In July this year the ICJ found Israel’s occupation of Gaza, the West Bank and of East Jerusalem to be illegal. This did not prepare Gideon (not his real name) for class. Gideon was discomforted by a lecturer beginning by “condemning the Israeli occupation and referring to the IDF [Israel Defence Forces] as the IOF – the Israeli Occupation Forces”. In Gideon’s own words: “It was very uncomfortable.” A Times magazine article, “The mental health toll of the war in Gaza”, cites a study “conducted in the West Bank and Gaza [which] found that 100% of participants had been exposed to traumas in 2021, including events as varied as land confiscation, detention, home demolition, loss of loved ones and fear of losing one’s life.” Hearing that an army you have been raised to admire is engaged in operations that are objectionable is uncomfortable. Being directly subject to those operations may be a little worse. Among those discomforted include hundreds of children who are arrested every year, blindfolded, hands tied behind their backs, subjected to violence and denied any legal representation. 

This all is far from the arduous conditions faced by Zionists at UCT. One can understand how “high on the slopes of storied Table Mountain” one might want one’s favourite fairy tales, if not perpetuated, to be at least sustained. Or, as Anonymous puts it, “It is not so much ‘physical safety’ that is the problem for Jewish students on campus, but ‘ideological safety’.” Must those who have been reared on the notion that Israel is a star of virtue, its army the most moral in the world, have their illusions stripped from them in such a scenic spot? 

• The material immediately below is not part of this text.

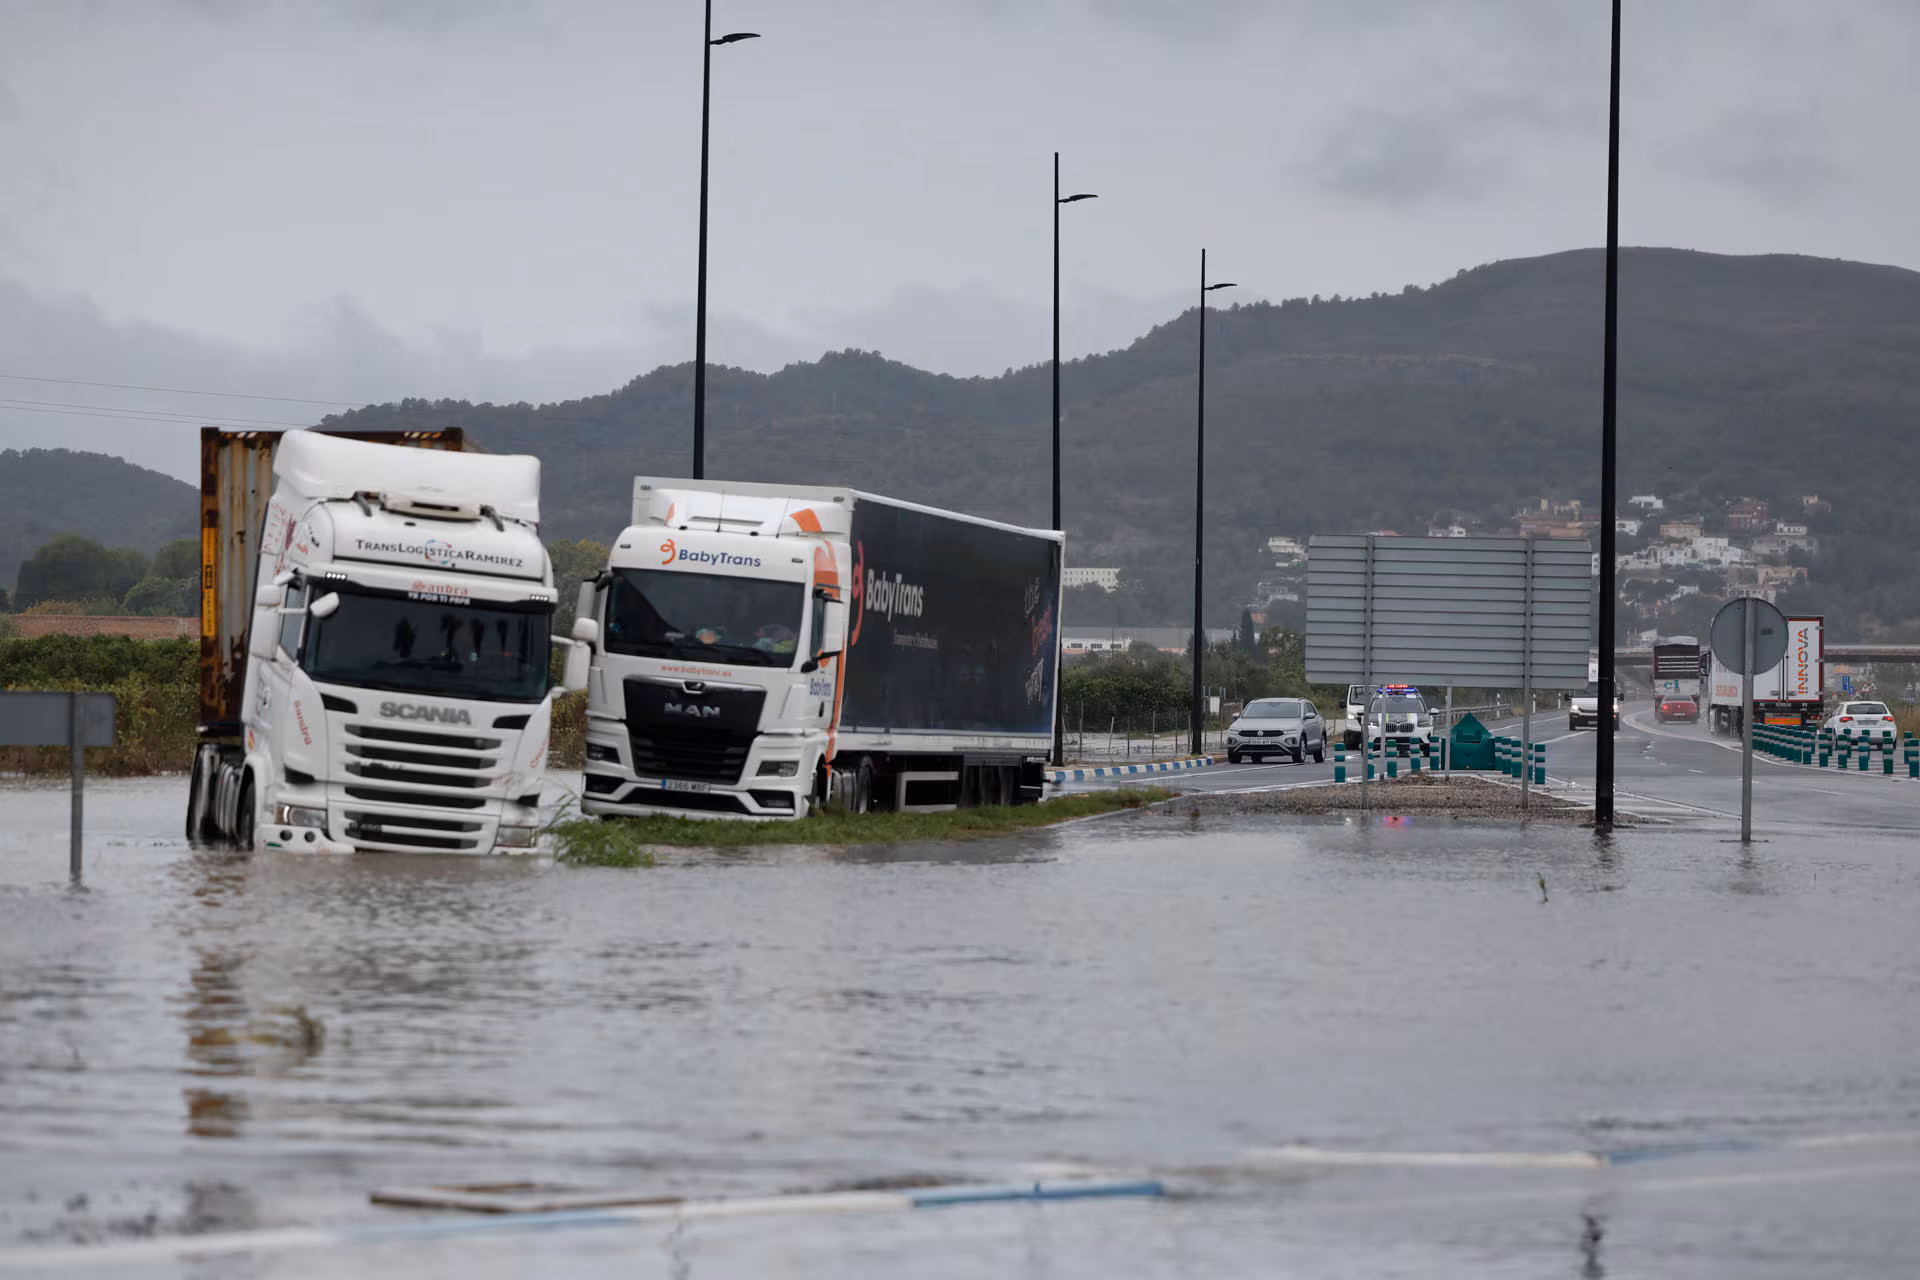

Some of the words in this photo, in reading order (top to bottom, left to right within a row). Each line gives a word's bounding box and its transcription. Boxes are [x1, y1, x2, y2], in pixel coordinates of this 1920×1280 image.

Early on Jewish children are impressed with the notion that when the United Nations graciously offered the Palestinians some part of their own land (the rest to go to a new state for a group mostly arrived from elsewhere) the Palestinians mulishly rejected it. As a consequence Israel had no choice but to carry out extensive ethnic cleansing. And ever since Israel has been forced into a life of escalating crime: collective punishment, torture, assassination and genocide. “We can forgive the Arabs for killing our children. We cannot forgive them for forcing us to kill their children,” said the former Israeli prime minister Golda Meir in a much quoted instance of epic victim blaming. 

As it turns out they have made us kill at least 11 000 of their children just this last year.

Like other people and institutions around the world, UCT has taken a position. As elsewhere, this position sanctions Israel and is thus opposed by Zionists. As elsewhere, Zionists therefore insist that this is all about antisemitism, and has nothing to do with Palestinians. They insist on this — with a straight face — even though, as in many other places, Jews are at the forefront of the movement. False accusations of antisemitism constitute hate speech. But the type of person who can tolerate refugees being set alight in their tents, civilians being starved and toddlers being used as target practice are not likely to be deterred by the risk of committing such an infraction.  

Like other interviewees, Professor Jeffrey Bagraim says he “does not believe it [UCT] to be an unsafe place for Jewish students and staff”. He also feels the need to add that this is despite the “growing pockets of hateful anti-Zionist ugliness”. He does not elaborate on what he means by this. Much of anti-Zionism simply involves exposing the consequences of Zionism — and so we have harrowing images: rows of wrapped corpses, babies with multiple amputations, body-horror injuries and dust-coated despair. These ugly pictures are the corollary of those shown by Zionists: soldiers rolling out courageously in armoured tanks, and doing happy hero dances before detonating multi-storey residential buildings. These are simply different sides of the same coin. With respect to which set of pictures is hateful — you decide.

Merlynn Edelstein, who has an LLB and teaches English, is a member of South African Jews for a Free Palestine and has published a volume of poetry called Bearing Witness: Beloved Maryam and Other Poems after the 2014 attack on Gaza.